También los cementerios; como señalaba Antonio Muñoz Molina tras visitar el de Stuttgart, «sobre la piedra y el mármol gastados por la intemperie, una crueldad homicida de hace más de ochenta años mantiene intactas las señales de un odio al que no le bastaba el exterminio de los vivos y exigía también la profanación de los muertos». Noventa y una personas fueron asesinadas durante esas horas y otras 30.000 acabaron arrestadas y posteriormente deportadas a los campos de concentración de Sachsenhausen, Buchenwald y Dachau. 

La Kristallnacht, considerada por los historiadores como el paso previo de la Solución Final y del Holocausto, se recuerda en el día de hoy, pero fundamentalmente para advertir del incremento de los movimientos racistas y neonazis, principalmente en Europa. No obstante, si recapitulamos la parte más oscura de la historia de Alemania, ¿la amenaza se encuentra únicamente ahí?

Seguramente, los líderes de estos grupos fanáticos engatusan con sus propuestas, como le pasaba a Hitler. Porque la mentira se suele presentar así: bajo la retórica de la seducción. También las promesas de la Revolución francesa, de la revolución proletaria y del Manifiesto de 1848 fascinaron y fascinan todavía. Sin este embeleso no se explica que muchos rusos sigan apoyando a Putin. Con todo, el problema no radica tanto en que haya dirigentes embaucadores como que las dinámicas políticas y legislativas los avalen en el poder, convirtiendo a las naciones en castillos de naipes, haciéndolas extraordinariamente vulnerables.

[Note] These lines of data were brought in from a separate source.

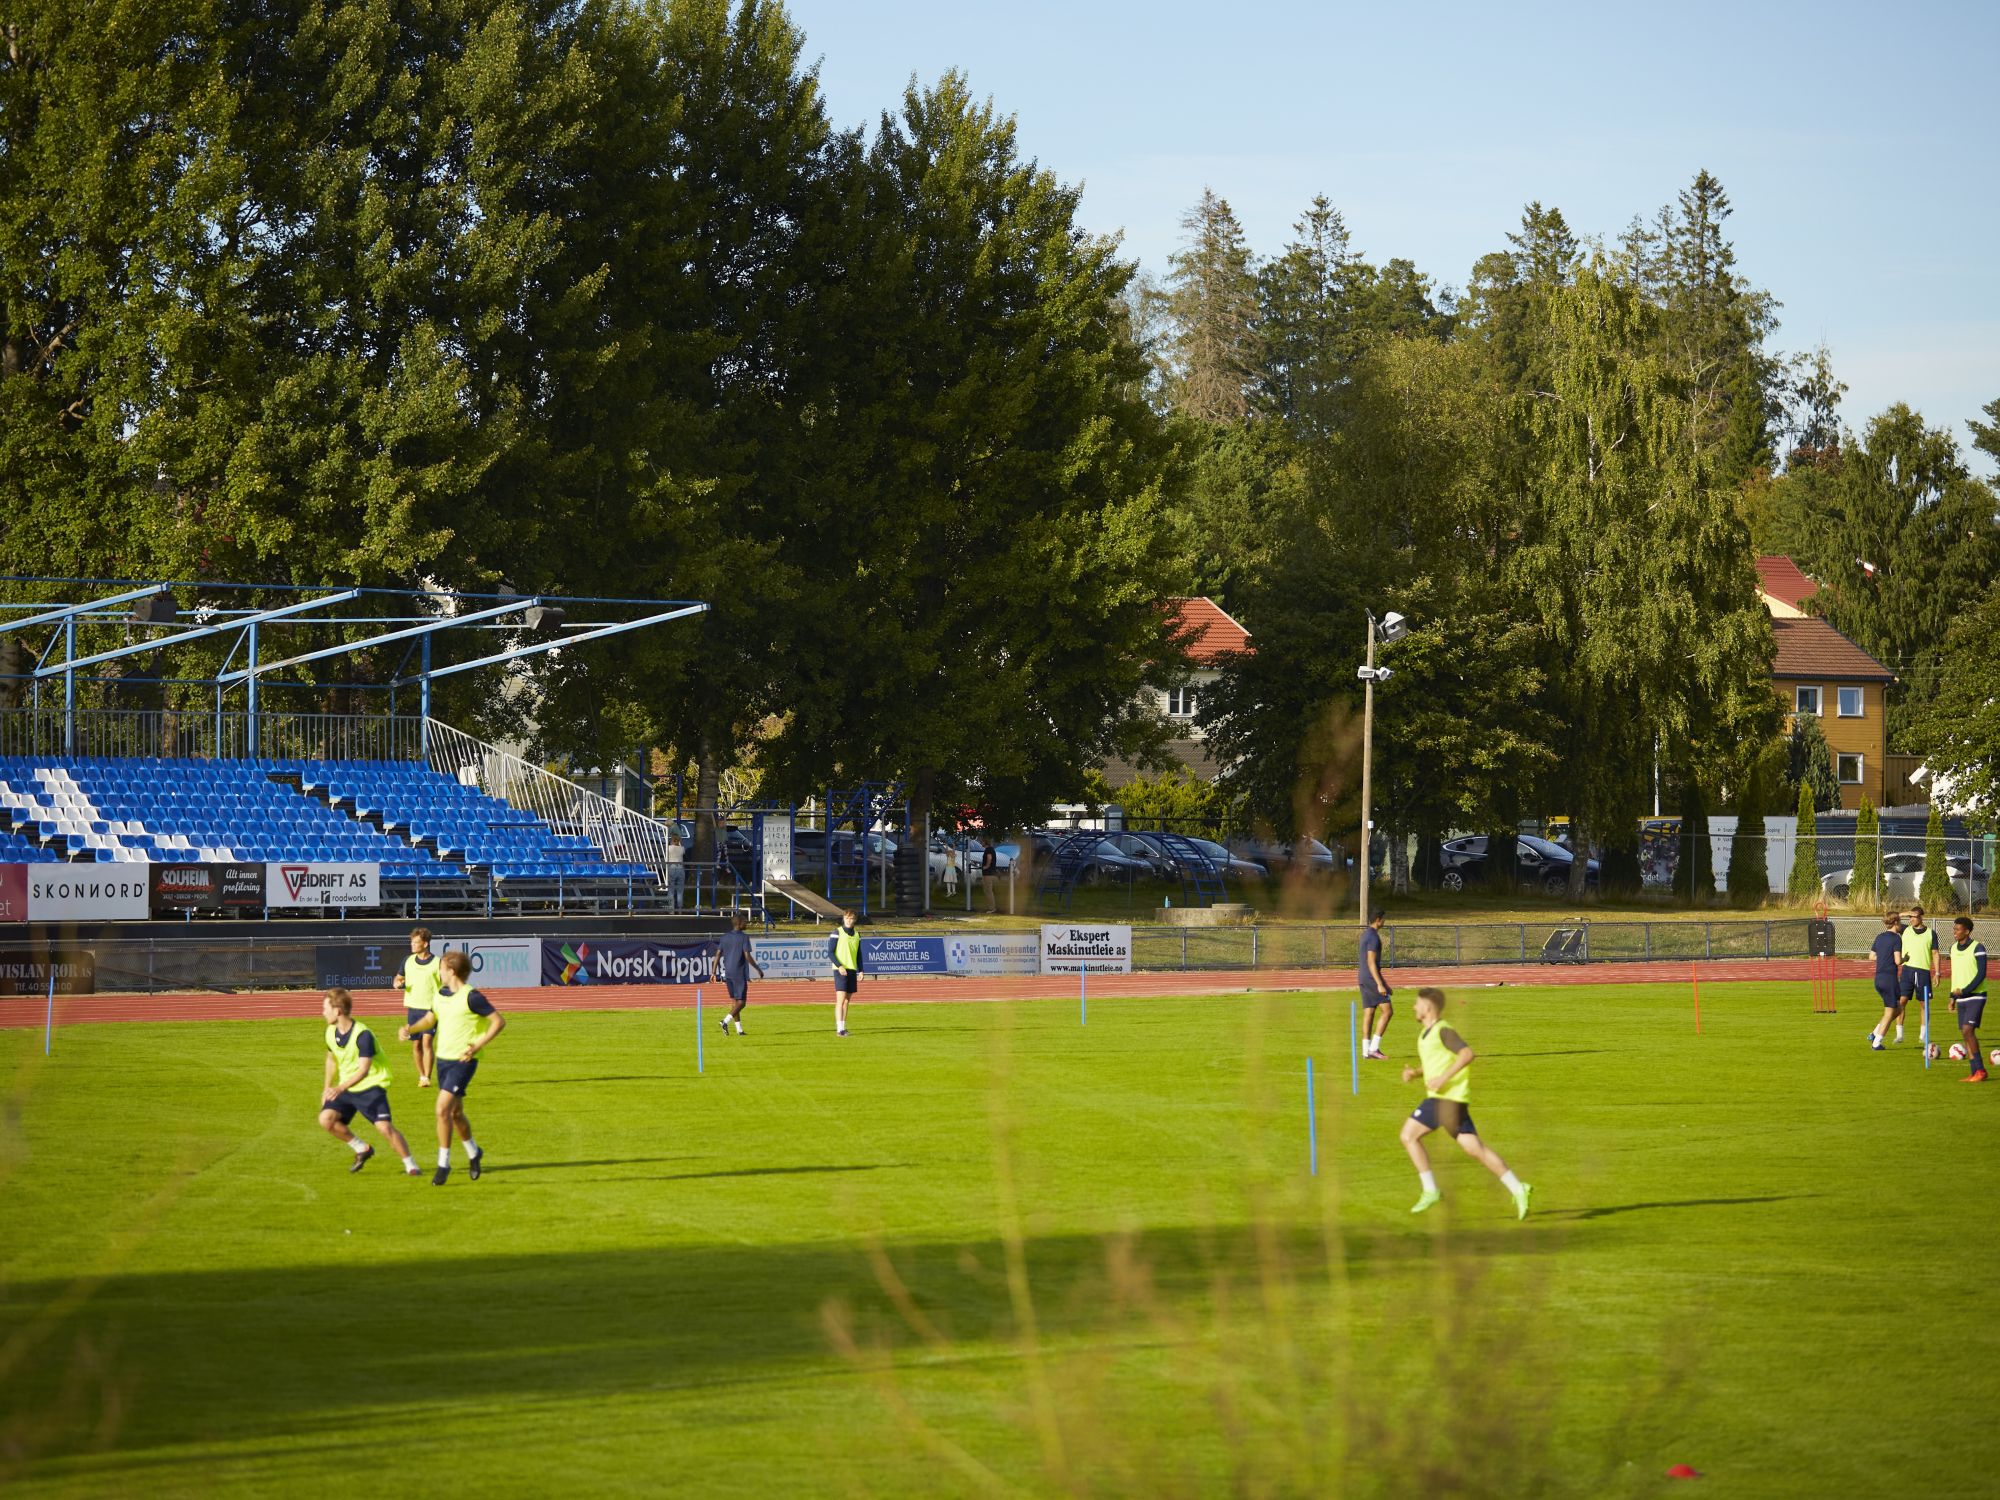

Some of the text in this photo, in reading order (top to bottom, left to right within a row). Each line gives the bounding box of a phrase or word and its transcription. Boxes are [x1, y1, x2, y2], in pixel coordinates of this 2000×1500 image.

[162, 869, 210, 887] SOLHEIM
[226, 869, 257, 879] Alt innen
[290, 873, 366, 887] VEIDRIFT AS
[223, 882, 260, 894] profilering
[332, 893, 367, 902] roadworks
[1069, 929, 1110, 943] Ekspert
[886, 940, 917, 950] EKSPERT
[969, 944, 980, 954] Ski
[1047, 943, 1126, 955] Maskinutleie as
[755, 950, 789, 961] FOLLO
[868, 951, 930, 961] MASKINUTLEIE AS
[596, 949, 656, 978] Norsk
[82, 967, 92, 977] AS
[326, 974, 393, 986] EIE eiendomsm

En un discurso en el Parlamento Federal alemán, Benedicto XVI desplegó su habilidad intelectual para argumentar sobre los desvaríos del derecho, capaces de convertir a un Estado en «una cuadrilla de bandidos muy bien organizada, que podía amenazar el mundo entero y empujarlo hasta el borde del abismo». Los alemanes saben por experiencia que estas palabras no son una mera quimera. El nazismo arrastró a Europa al abismo, aunque entonces no se tuviera conciencia de la debacle. 

Si bien no hay periodo que pueda repetirse, estamos en un momento histórico en el cual el hombre ha adquirido un poder hasta ahora inimaginable. Tiene la capacidad de destruir el mundo. Se puede manipular a sí mismo. Puede, como afirmó Ratzinger en el Bundestag, «hacer seres humanos y privar de su humanidad a otros seres humanos». La comparación es arriesgada y puede herir sensibilidades, pero hay disposiciones legislativas en España que van también por estos derroteros, eso sí, bajo ropajes de progreso y de libertad.

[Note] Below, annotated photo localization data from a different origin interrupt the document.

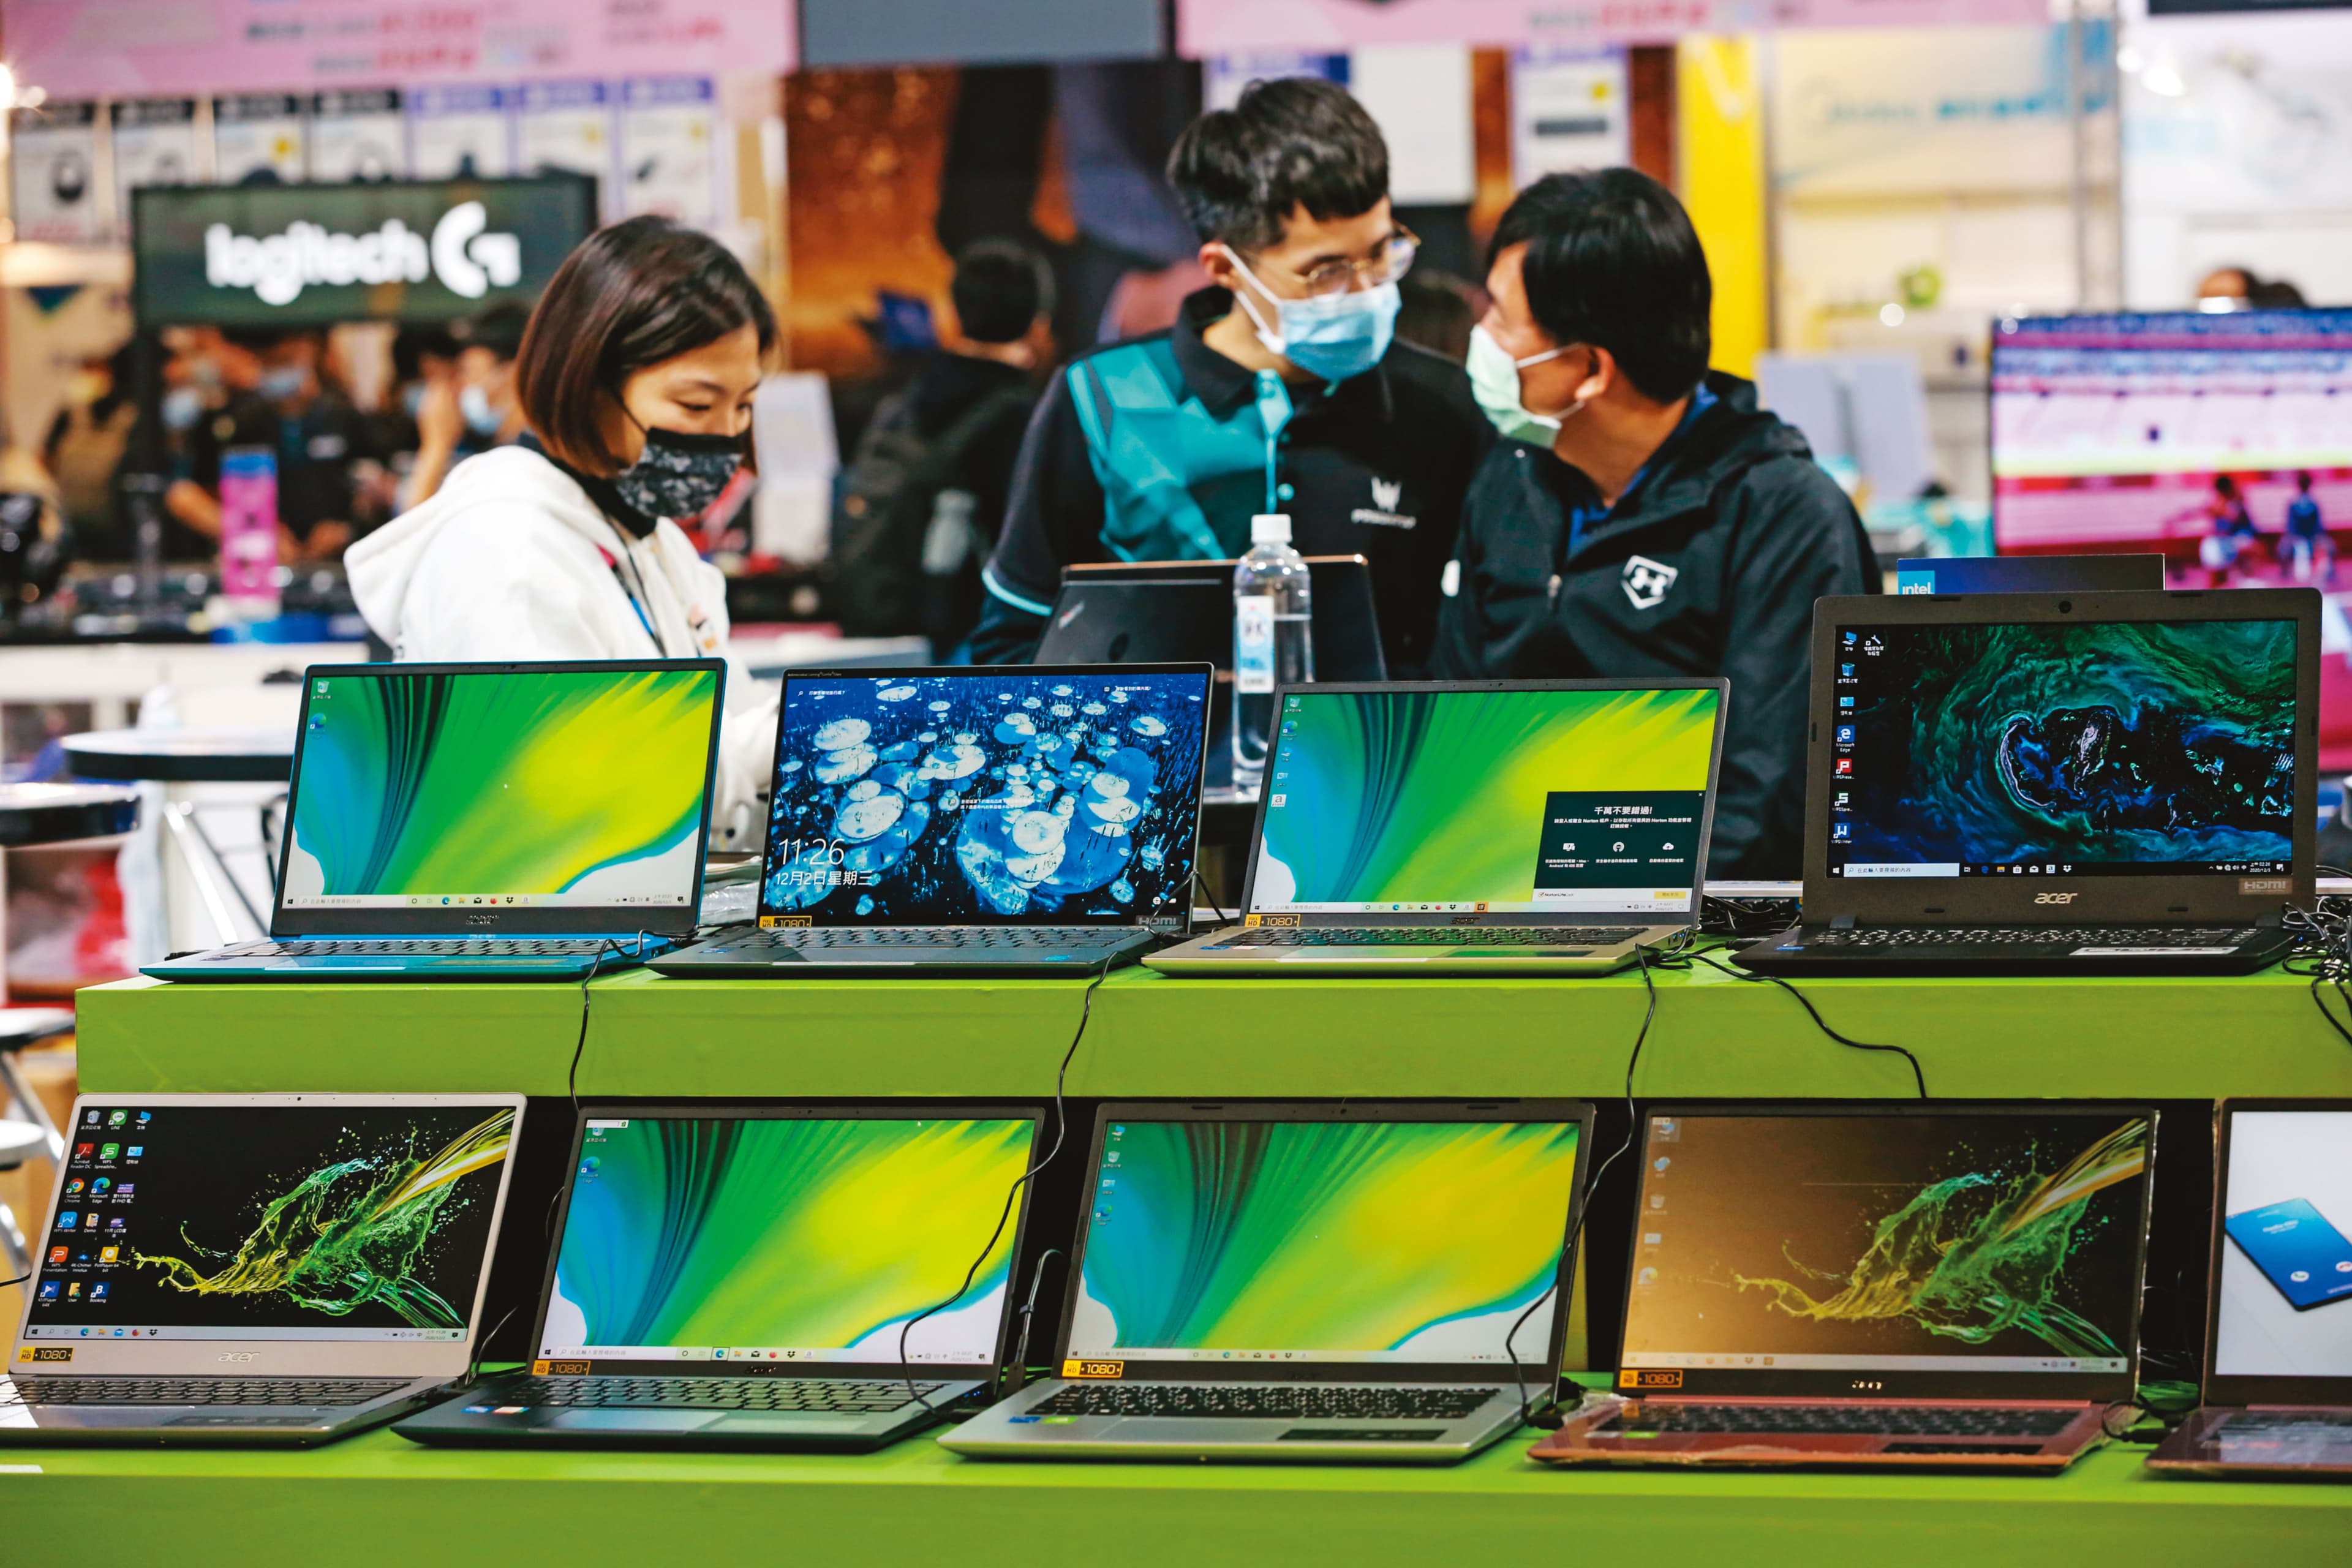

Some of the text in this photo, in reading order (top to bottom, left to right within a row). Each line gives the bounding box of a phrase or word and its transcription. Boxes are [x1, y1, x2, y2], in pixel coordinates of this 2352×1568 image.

[1902, 582, 1931, 594] intel
[1594, 806, 1652, 815] 千萬不要錯過!
[779, 839, 845, 865] 11:26
[775, 870, 873, 886] 12月2日星期三
[2244, 881, 2286, 889] HDMI
[2034, 893, 2078, 903] acer
[1267, 917, 1293, 926] 1080
[40, 1350, 67, 1359] 1080
[218, 1352, 260, 1362] acer
[555, 1364, 582, 1374] 1080
[1087, 1364, 1115, 1374] 1080
[1645, 1374, 1675, 1384] 1080

Vivimos rodeados de situaciones donde falta la luz, pero la oscuridad no es una llamada para que la luz se apague, sino una oportunidad para que la luz brille en las tinieblas. La historia nos enseña radicalmente que no podemos desentendernos ni apagarnos. Según cuenta Muñoz Molina sobre su visita, en el antiguo cementerio de Stuttgart, donde los asaltantes llegaron armados de picos y martillos para borrar los nombres, brilla el sol, se escuchan los cantos de los pájaros y se puede alumbrar la memoria de quien ponga un poco de atención.

Carola Minguet Civera.

Universidad Católica de Valencia.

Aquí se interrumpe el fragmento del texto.